((

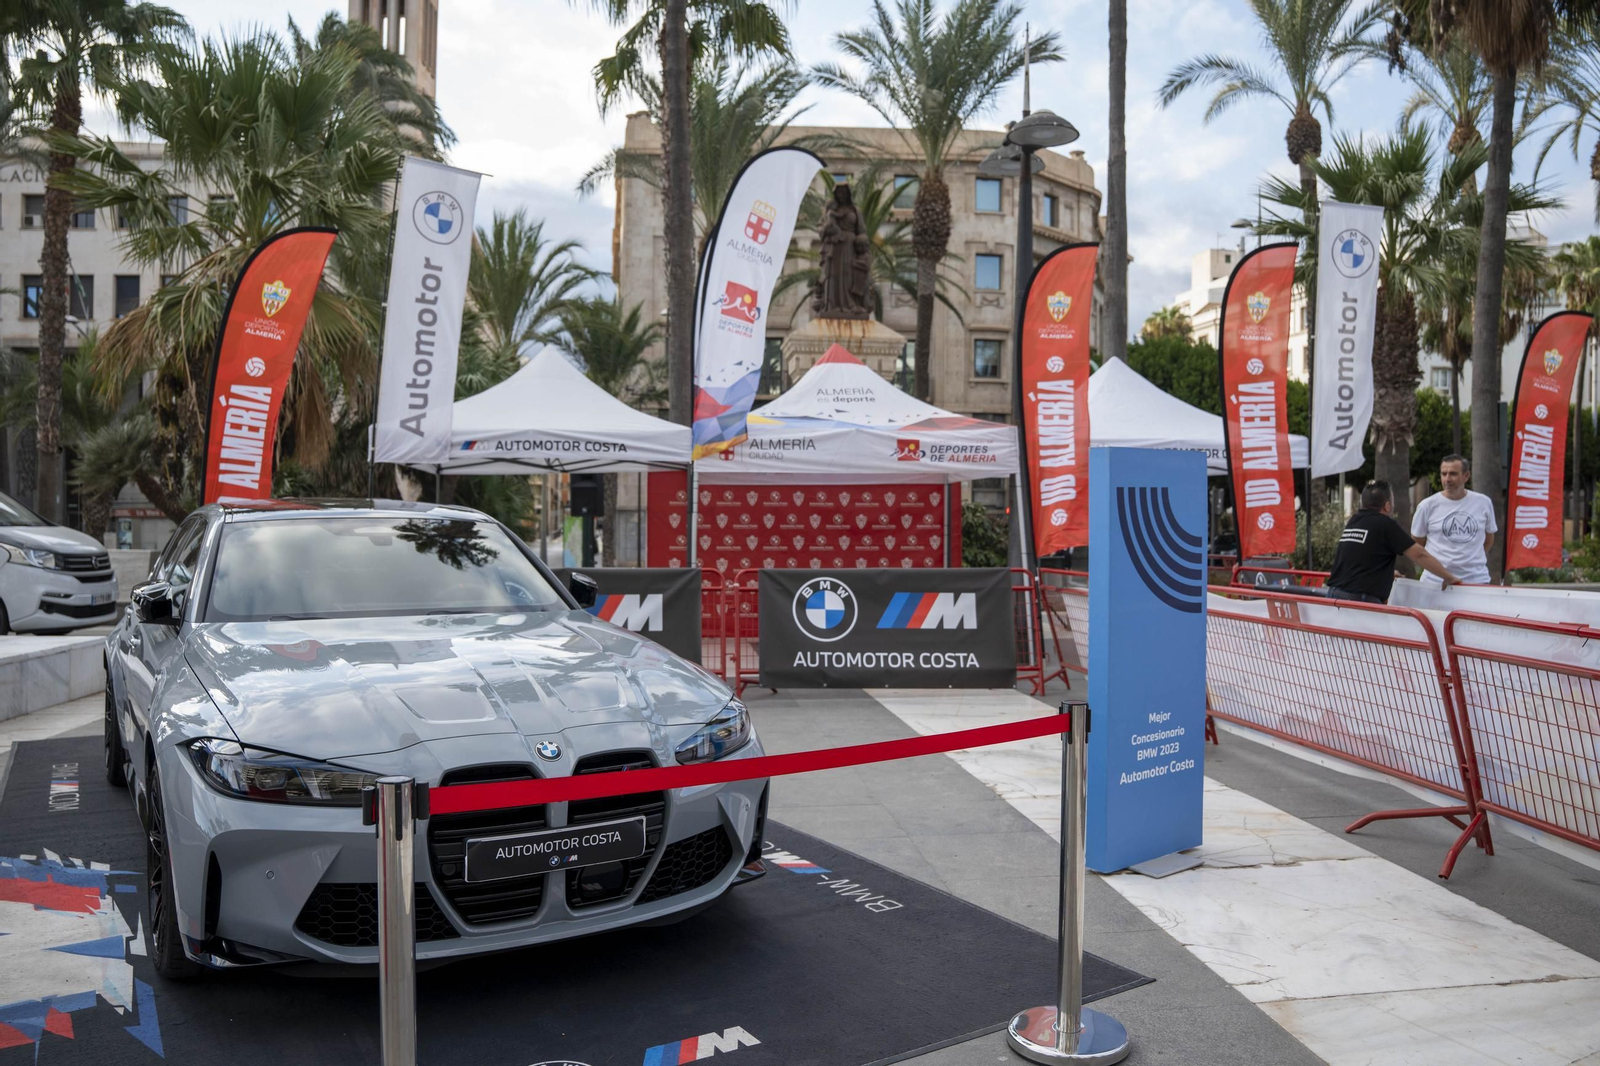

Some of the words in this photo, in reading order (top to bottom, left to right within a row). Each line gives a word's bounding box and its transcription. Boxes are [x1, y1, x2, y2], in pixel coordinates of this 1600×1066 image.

[727, 238, 773, 266] ALMERÍA
[399, 256, 443, 438] Automotor
[1328, 291, 1358, 450] Automotor
[817, 387, 874, 396] ALMERÍA
[833, 396, 876, 404] deporte
[1028, 379, 1076, 467] ALMERÍA
[1230, 381, 1279, 471] ALMERÍA
[218, 384, 272, 490] ALMERÍA
[495, 440, 581, 451] AUTOMOTOR
[584, 440, 627, 453] COSTA
[749, 437, 816, 451] ALMERÍA
[749, 452, 784, 460] CIUDAD
[930, 445, 988, 454] DEPORTES
[947, 454, 996, 463] ALMERIA
[1516, 423, 1554, 500] ALMERÍA
[1040, 474, 1076, 507] UD
[1244, 478, 1281, 508] UD
[1515, 505, 1548, 529] UD
[801, 580, 850, 599] BMW
[793, 651, 915, 668] AUTOMOTOR
[919, 652, 980, 669] COSTA
[1148, 711, 1171, 724] Mejor
[1131, 726, 1185, 745] Concesionario
[1137, 747, 1158, 761] BMW
[1160, 742, 1179, 756] 2023
[1119, 765, 1169, 785] Automotor
[1170, 759, 1195, 773] Costa
[495, 837, 579, 859] AUTOMOTOR
[582, 831, 622, 847] COSTA
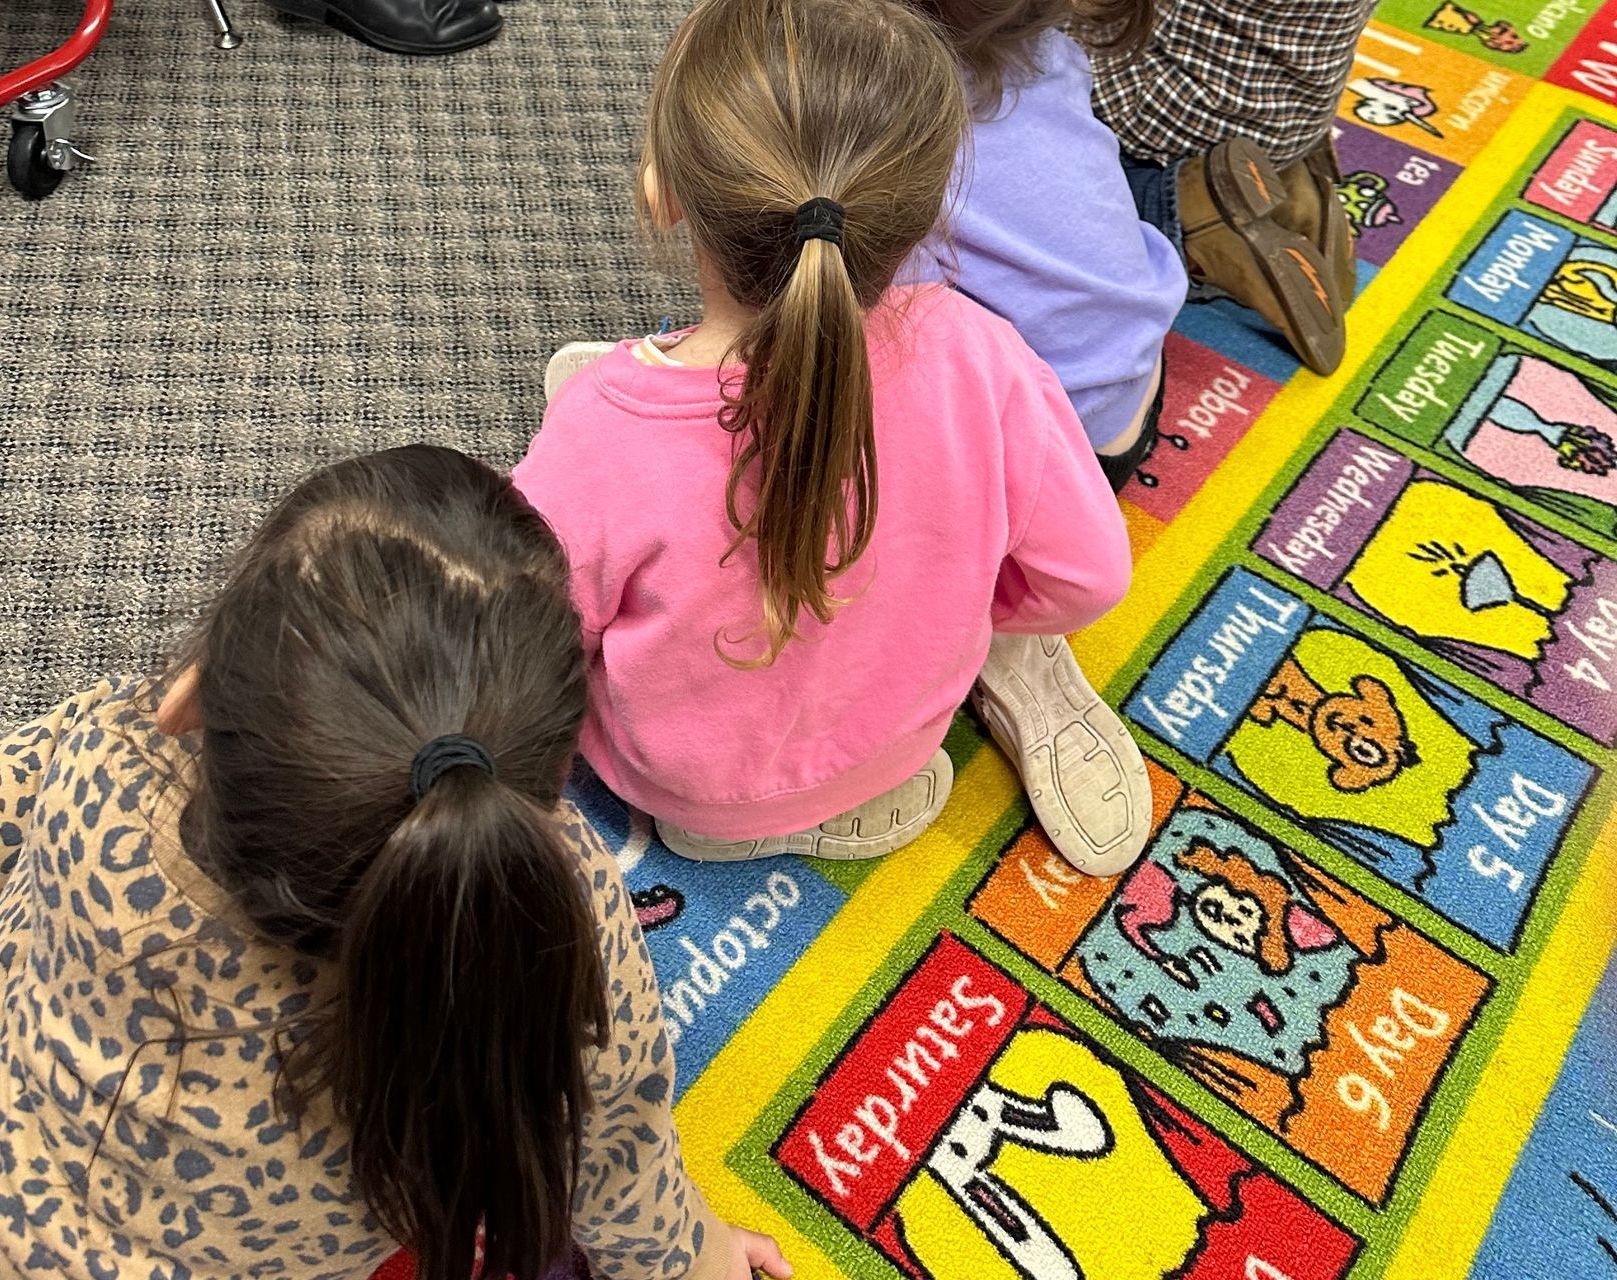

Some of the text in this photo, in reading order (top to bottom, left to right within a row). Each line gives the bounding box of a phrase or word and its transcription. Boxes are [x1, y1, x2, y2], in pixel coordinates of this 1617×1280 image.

))

Exercise details: Pictures do not go in the copy; print every entry exactly as it stands.

Task solution:
Some of the words in this photo, in reading order (top to bottom, left to right within a row). Each line gives a word's bounding box and its transcription. Boxes are [x1, y1, x2, y2], in pixel coordinates of this 1600×1066 image.

[727, 238, 773, 266] ALMERÍA
[399, 256, 443, 438] Automotor
[1328, 291, 1358, 450] Automotor
[817, 387, 874, 396] ALMERÍA
[833, 396, 876, 404] deporte
[1028, 379, 1076, 467] ALMERÍA
[1230, 381, 1279, 471] ALMERÍA
[218, 384, 272, 490] ALMERÍA
[495, 440, 581, 451] AUTOMOTOR
[584, 440, 627, 453] COSTA
[749, 437, 816, 451] ALMERÍA
[749, 452, 784, 460] CIUDAD
[930, 445, 988, 454] DEPORTES
[947, 454, 996, 463] ALMERIA
[1516, 423, 1554, 500] ALMERÍA
[1040, 474, 1076, 507] UD
[1244, 478, 1281, 508] UD
[1515, 505, 1548, 529] UD
[801, 580, 850, 599] BMW
[793, 651, 915, 668] AUTOMOTOR
[919, 652, 980, 669] COSTA
[1148, 711, 1171, 724] Mejor
[1131, 726, 1185, 745] Concesionario
[1137, 747, 1158, 761] BMW
[1160, 742, 1179, 756] 2023
[1119, 765, 1169, 785] Automotor
[1170, 759, 1195, 773] Costa
[495, 837, 579, 859] AUTOMOTOR
[582, 831, 622, 847] COSTA

Some of the text in this photo, in reading order (top to bottom, left to right within a row). Each line gives the bounding box of a phrase or word and its transcription. Boxes are [x1, y1, x2, y2], in pixel coordinates of this 1617×1280 image.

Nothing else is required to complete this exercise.